TJTO suspende lei que proibia o protesto de contas de água e luz

Tribunal Pleno decide, por unanimidade, suspender a eficácia da lei estadual; relatora Jacqueline Adorno apontou que regra invade a competência privativa da União

Crédito: Rondinelli Ribeiro/Cecom TJTO

O Tribunal Pleno do Tribunal de Justiça do Tocantins (TJTO) suspendeu cautelarmente, nesta quinta-feira, 2, a Lei Estadual nº 5.031/2026. A legislação, promulgada em maio deste ano, proibia os cartórios de protestar faturas de energia elétrica e de água. A decisão provisória tem como relatora a desembargadora Jacqueline Adorno e foi tomada por unanimidade.

 

 

A medida cautelar funciona como uma decisão provisória de emergência, tomada pelo tribunal para evitar danos graves ou segurança jurídica instável antes que o mérito do processo seja julgado em definitivo.

 

 

A Ação Direta de Inconstitucionalidade (ADI) foi proposta pelo Instituto de Estudos de Protesto de Títulos do Brasil (IEPTB), Seção Tocantins, que pede a anulação definitiva das regras. Em seu artigo 1º, a norma estadual proibia o protesto de débitos iguais ou inferiores a um salário mínimo vigente. Para dívidas acima desse patamar, a legislação estabelecia um prazo obrigatório de 90 dias de atraso para a realização do protesto pelos credores.

 

 

Ao analisar o caso, a relatora avaliou que a matéria possui indícios de inconstitucionalidade.
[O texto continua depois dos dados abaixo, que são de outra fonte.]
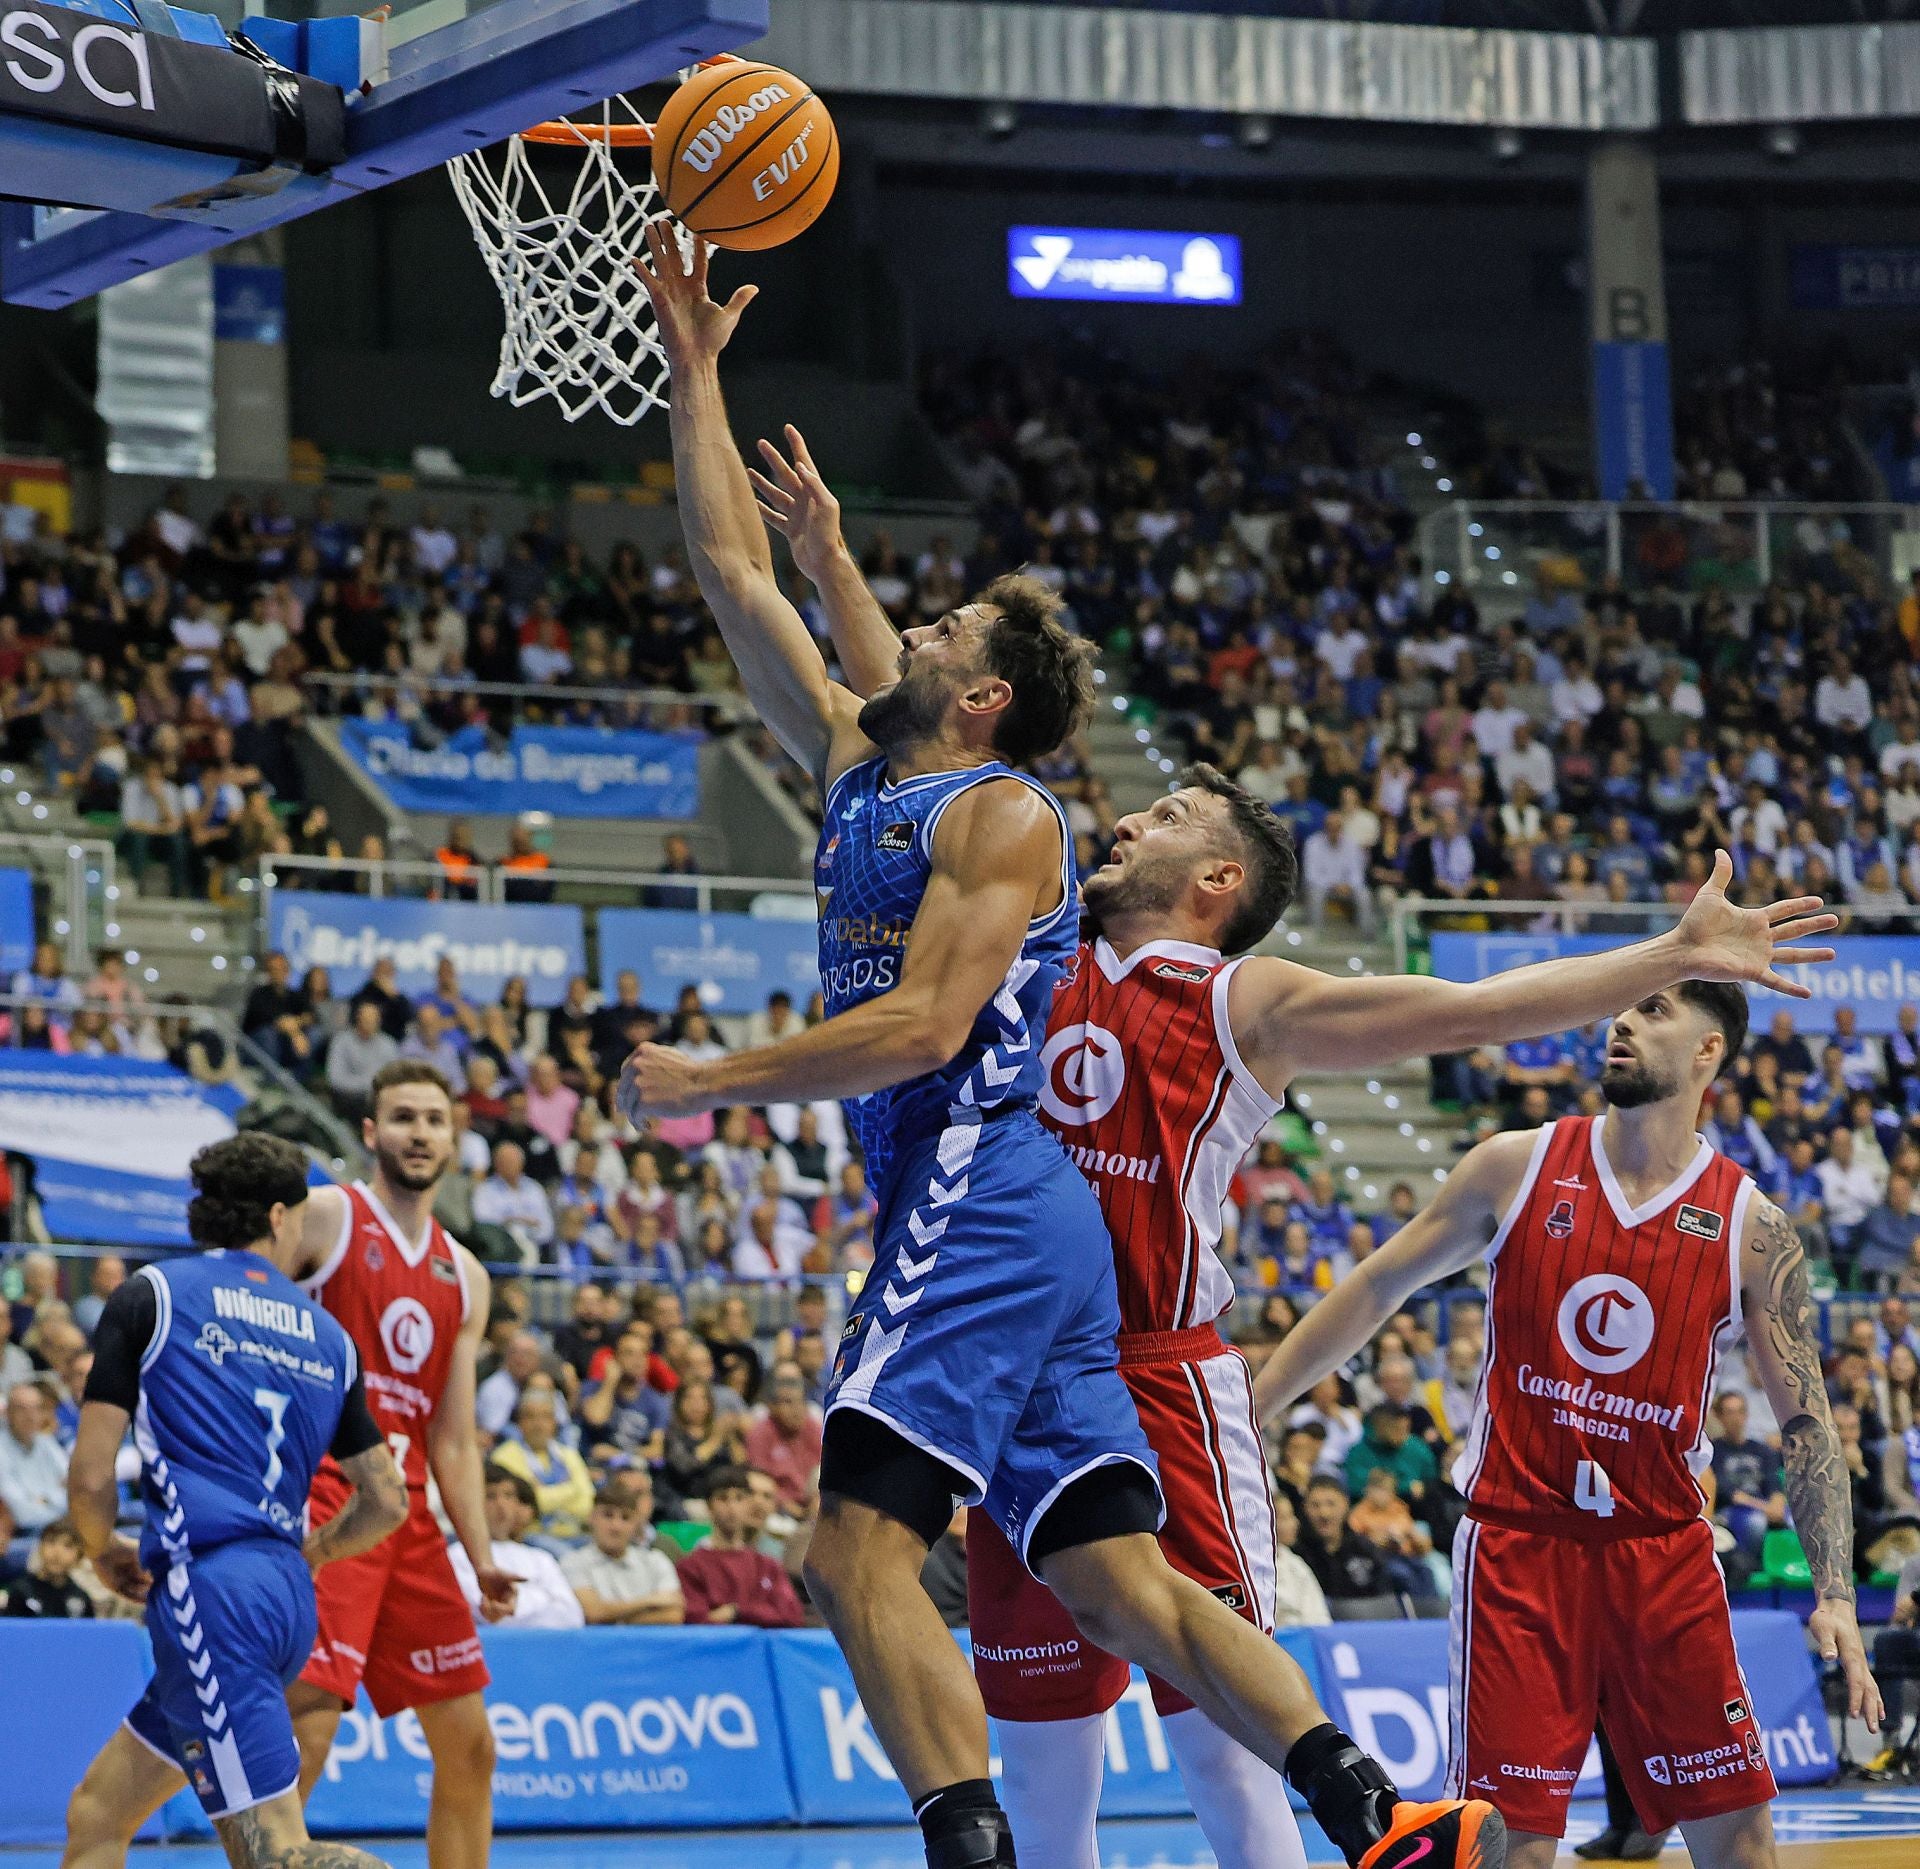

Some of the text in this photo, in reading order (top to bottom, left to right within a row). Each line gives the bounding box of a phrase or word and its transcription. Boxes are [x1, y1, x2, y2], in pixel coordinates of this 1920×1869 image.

Conforme o entendimento apresentado, a Constituição Federal estabelece que cabe exclusivamente à União legislar sobre registros públicos, direito civil e comercial, além de interferir nos serviços de energia.

 

 

A suspensão foi concedida com efeito ex tunc, o que significa que a decisão retroage e anula a validade da lei desde o dia de sua publicação. Com a medida, os cartórios e as concessionárias de serviços públicos voltam a seguir as regras federais ordinárias para a cobrança de débitos, sem os limites de valor e prazos estaduais, até o julgamento final do mérito da ação.